Student teams from all over the country spent months designing electrical and mechanical systems that they hoped would lead them to victory. Nine student teams brought their cars to the competition. Cedarville University, now three-time defending champion, entered two vehicles and took first and third place in the competition. Binghamton University captured second place and Central Carolina Community College finished in fourth place. Also competing were teams from Tidewater Community College, Broome Community College, and Central Ohio Technical College.

Rules for the 2004 competition during the ASEE Annual Conference in June are available from Paul Gordy, ASEE TYCD Chairman at

The winning teams for the 2003 TYCD National Design Competition are:

1st Place: Cedarville University
(Team: Hare II)—Cedarville, Ohio

Team members: Nathaniel Smith, Jeremy Wheeler, Tim Linden
Adviser: Clint Kohl
Time: 16.77 seconds

2nd Place: Binghamton University–
Binghamton, N.Y.

Team members: Alex Zelenka, Eyal Cohen, Greg Alton, Matt Hilt, Ryan Ahern
Adviser: Richard Culver
Time: 21.00 seconds

3rd Place: Cedarville University
(Team: Tortoise II)—Cedarville, Ohio

Team members: Nathaniel Smith, Jeremy Wheeler, Tim Linden
Adviser: Clint Kohl
Time: 23.22 seconds

4th Place: Central Carolina Community College–
Sanford, N.C.

Team members: Orfilia Lemus, Karla Diede, Jason Matthews, Scott Fincher
Advisers: Jerry Clendenen and Steve Lympany
Time: 28.38 seconds


Sugar Removal and Fountain Wars in Las Vegas

The American Society of Agricultural Engineers (ASAE) announced the winners of the 2003 Gunlogson Environmental Design Student Competition. Held July 30 at the ASAE Annual International Meeting in Las Vegas, the competition had two options for participants. The "Treatment of Sugary Waste" option called for the design and on-site construction of a small-scale system to treat water contaminated by sugar. Making its debut at this year's competition, "Fountain Wars" required students to design and build on-site a water fountain capable of, among other things, balancing a 12-inch beach ball atop a water stream. Schools could participate in either or both options.

Two teams, from Iowa State University and Ohio State University, competed in the first option. The Iowa State team of Patrick Murphy, Vincent Stout, and Mark Mommsen took home top honors. Over the six-hour test period, their system's 90 percent sugar removal rate far surpassed the minimum required rate of 70 percent.

In addition to floating a beach ball, the four teams competing in the "Fountain Wars" were judged on their fountains' aesthetic appeal and the amount of spray they could direct into a beaker. Adding to the challenge were the high winds battering team members as they struggled to construct their fountains outside. Each team managed to build their fountain and Brad Heilwagen, John Liszka, Emily Poynter, Laura Schutte, and Brad Tadlock of the University of Illinois won the competition.

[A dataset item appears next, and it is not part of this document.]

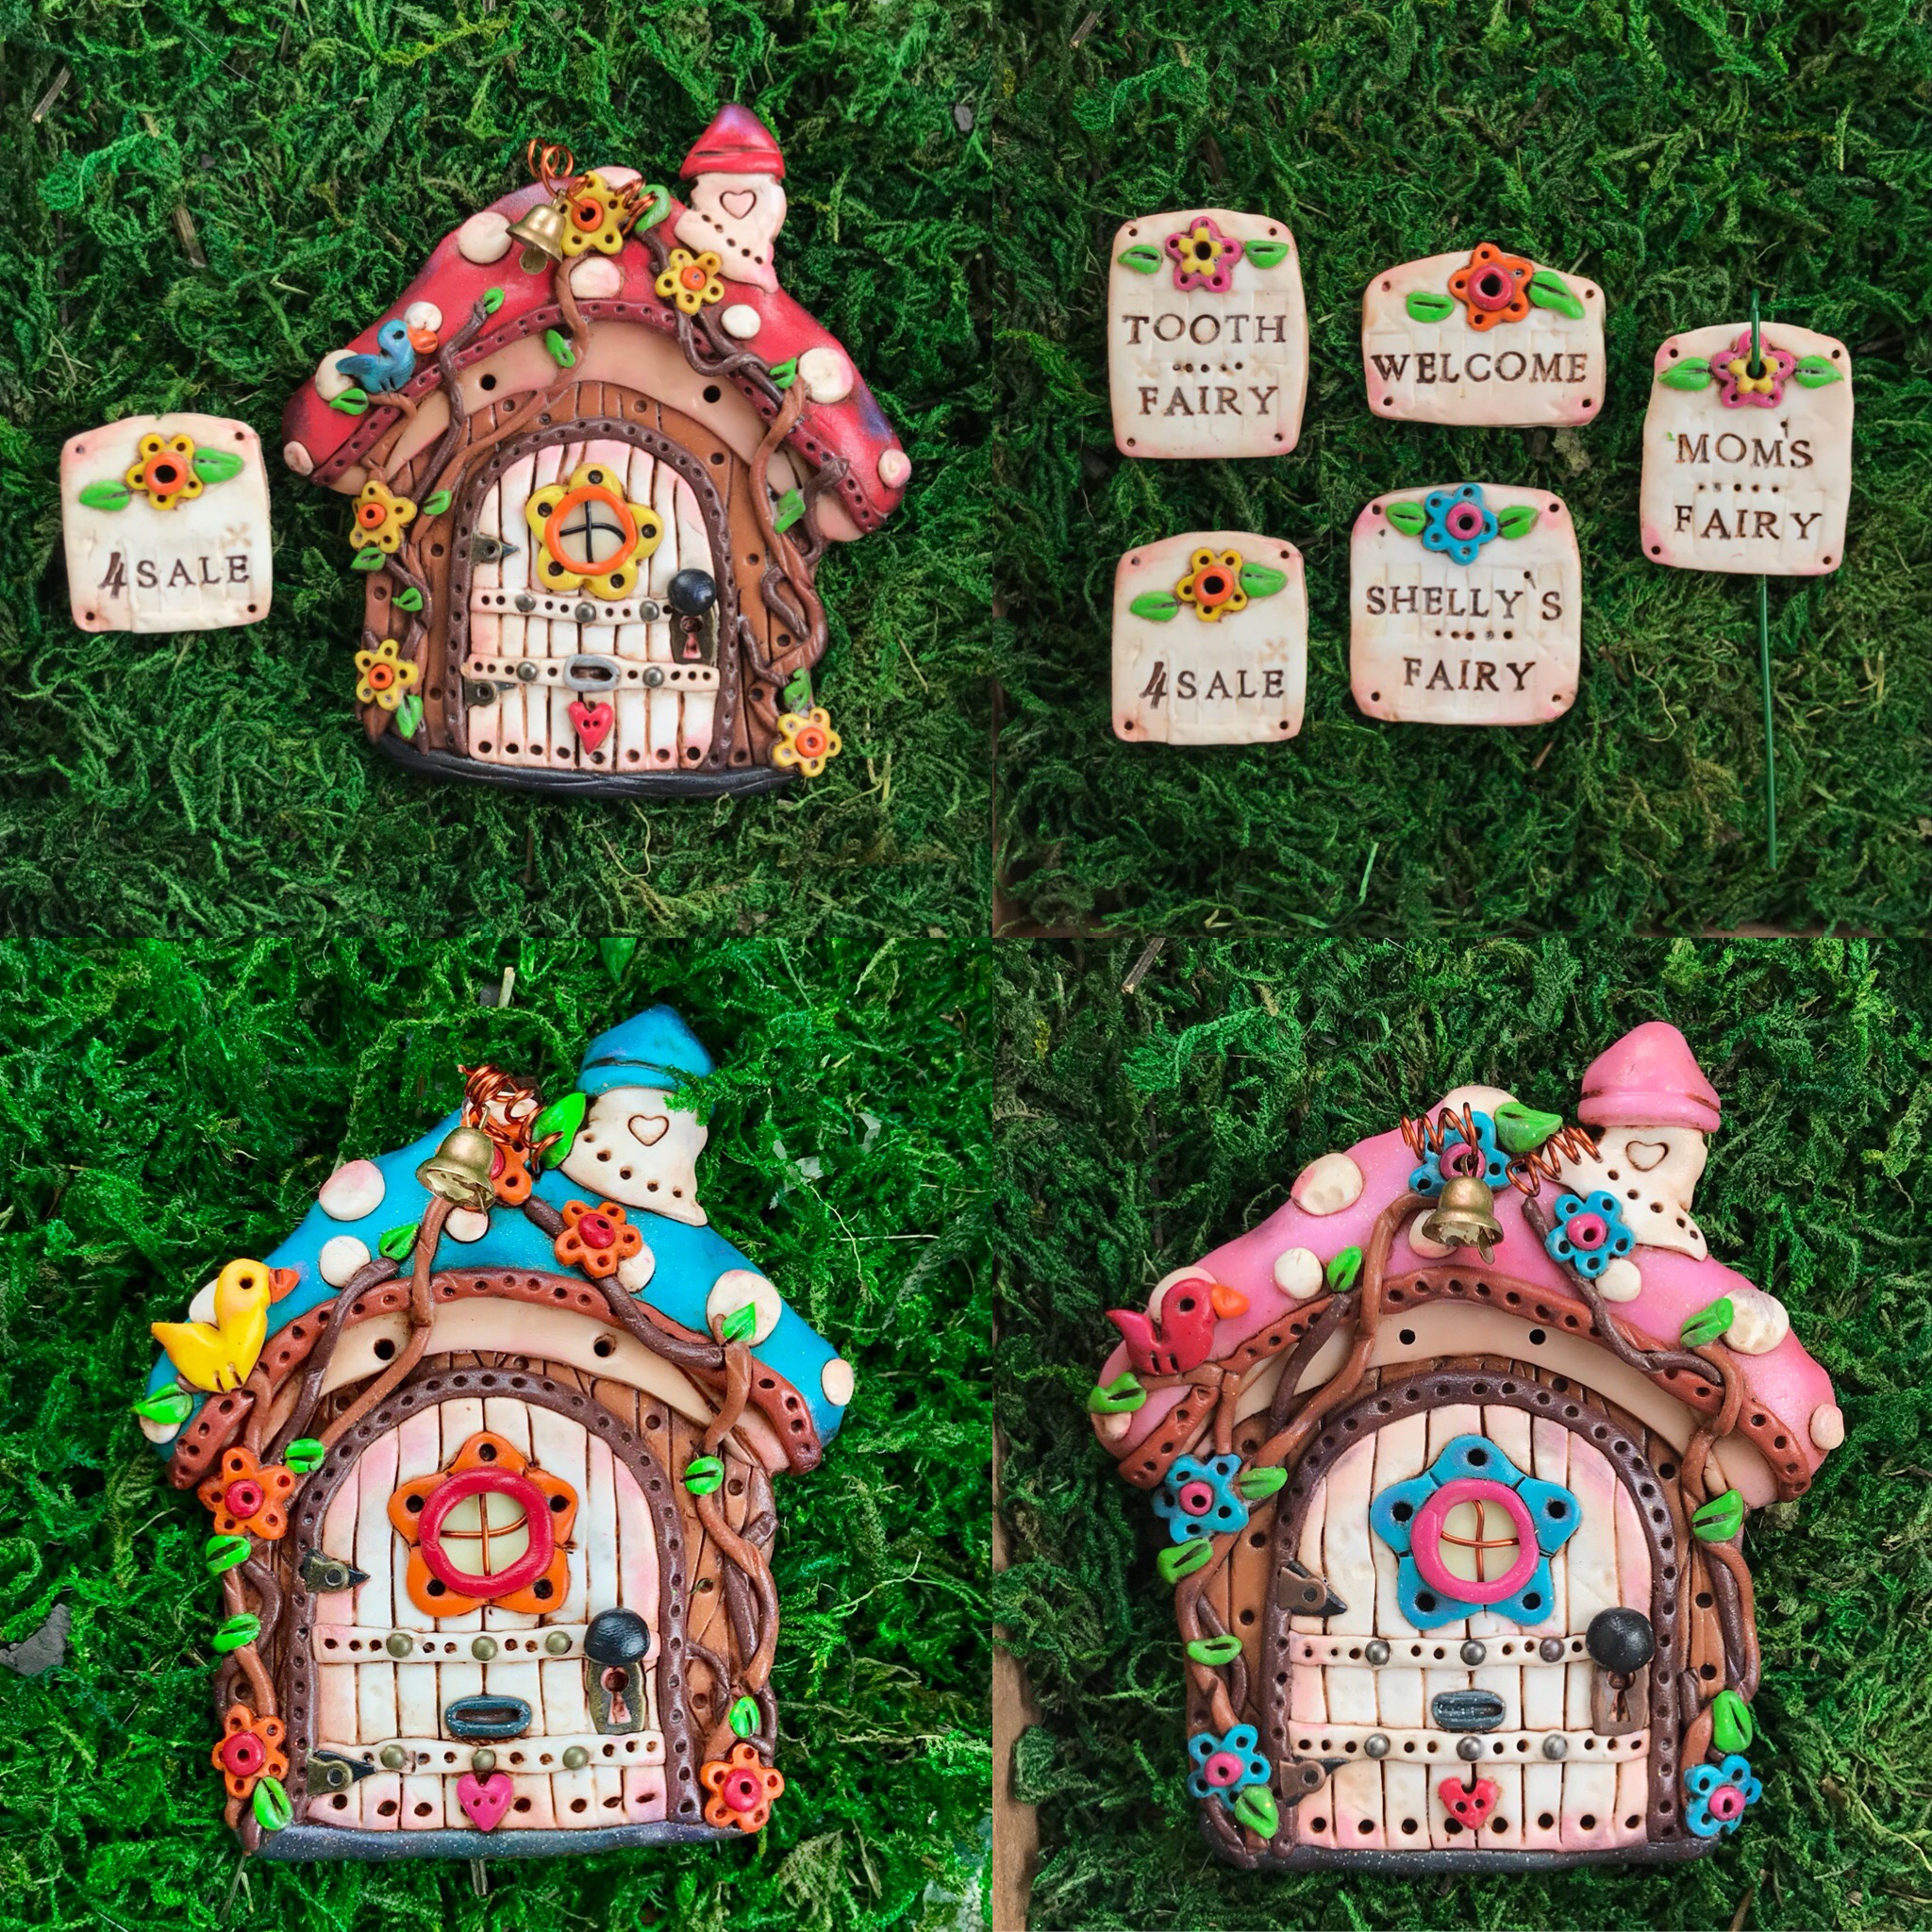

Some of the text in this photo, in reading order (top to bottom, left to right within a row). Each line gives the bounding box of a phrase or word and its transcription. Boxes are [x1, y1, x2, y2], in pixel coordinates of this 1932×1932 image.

In its third year, the Environmental Design Student Competition is named in honor of ASAE Life Fellow G.B. Gunlogson. His estate funds the annual competition and the Gunlogson Countryside Engineering Award.

ASAE is an educational and scientific organization based in St. Joseph, Michigan, whose goal is the advancement of engineering applicable to agricultural, food, and biological systems. Founded in 1907, the society has some 9,000 members in over 100 countries.


Prism Awards

Last year, Prism was again recognized by the publication and design community for its accomplishments in publication excellence.

Three Prism layouts have been chosen for inclusion in Print magazine's 2003 Regional Design Annual. Honoring the magazine's picks for the best designs, illustration, and photography appearing in American magazines, the Annual will showcase the following Prism layouts: "Finally, A Little R&R," January 2002; "Where Is OTA? (When You Need It)," February 2002; and "Change in Course," April 2002. Over 22,000 entries from every state in the union were submitted. The Annual features designs appearing in publications such as Rolling Stone, the New Yorker, the Washington Post, and Vibe.

The American Association of Educational Publishers gave Prism a Distinguished Achievement Award, Article Design, for "The ABC's of Engineering," November 2002.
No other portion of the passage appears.